**TASK INSTRUCTIONS**
Every record should be copied exactly, except that pictures are to be omitted.

**TASK INPUT**
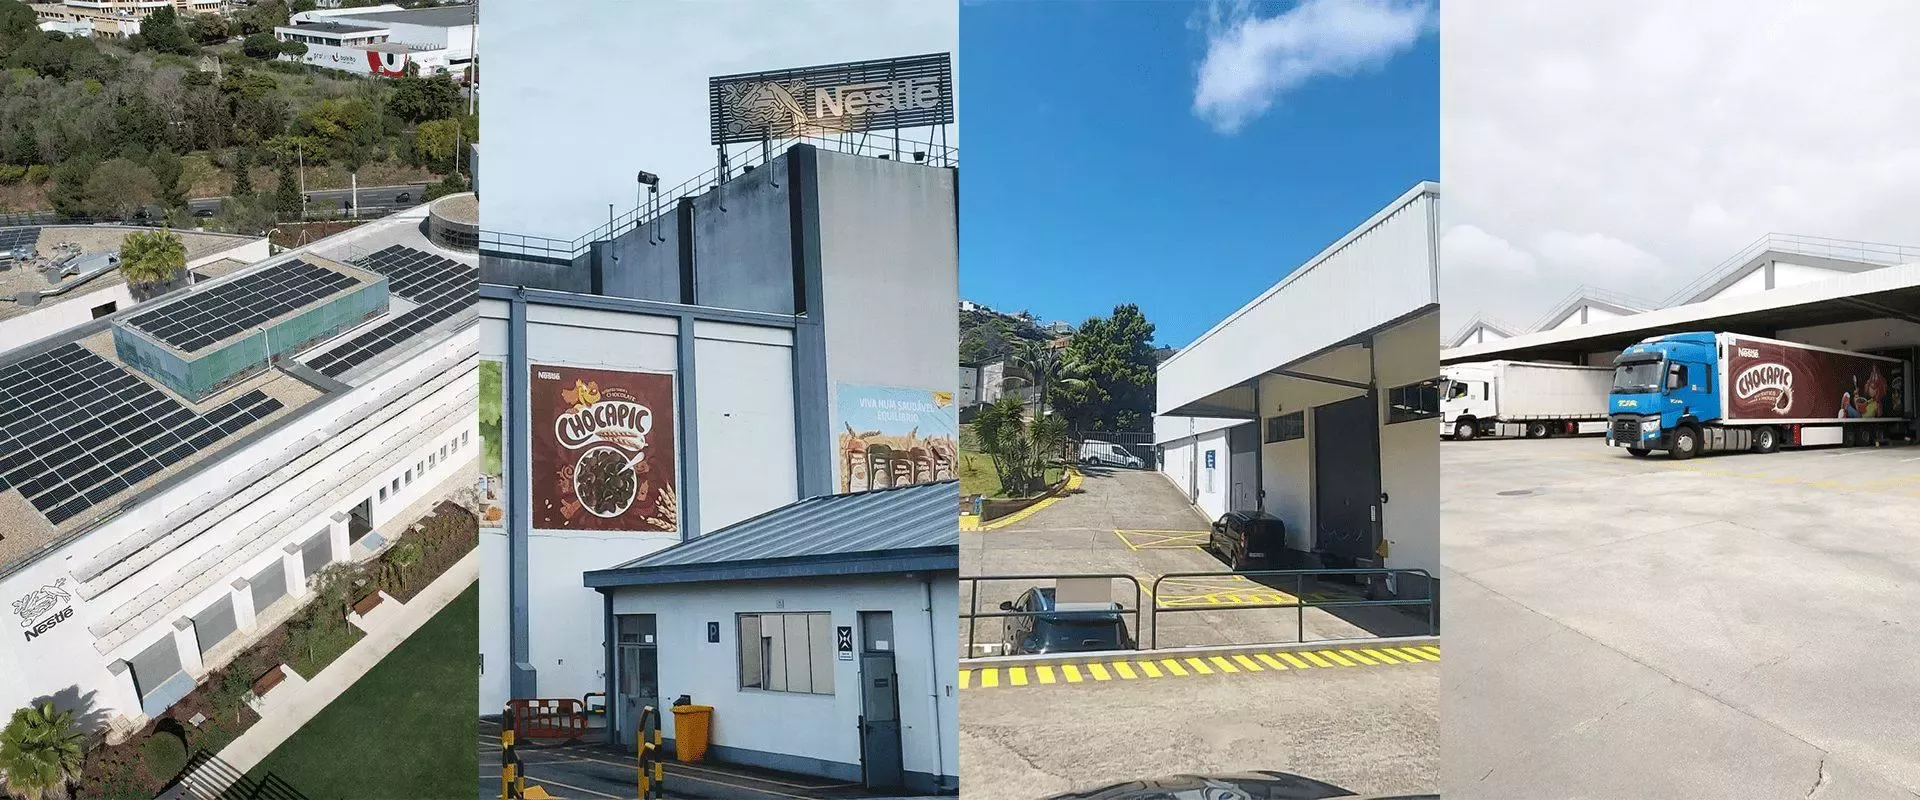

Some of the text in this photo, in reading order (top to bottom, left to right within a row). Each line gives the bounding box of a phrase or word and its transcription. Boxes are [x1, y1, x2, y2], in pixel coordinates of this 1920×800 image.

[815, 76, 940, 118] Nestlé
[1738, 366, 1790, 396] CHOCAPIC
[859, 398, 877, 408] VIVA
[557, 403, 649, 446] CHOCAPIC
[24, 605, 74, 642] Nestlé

**OUTPUT BELOW**
Some of the text in this photo, in reading order (top to bottom, left to right within a row). Each line gives the bounding box of a phrase or word and its transcription. Boxes are [x1, y1, x2, y2], in pixel coordinates of this 1920×800 image.

[815, 76, 940, 118] Nestlé
[1738, 366, 1790, 396] CHOCAPIC
[859, 398, 877, 408] VIVA
[557, 403, 649, 446] CHOCAPIC
[24, 605, 74, 642] Nestlé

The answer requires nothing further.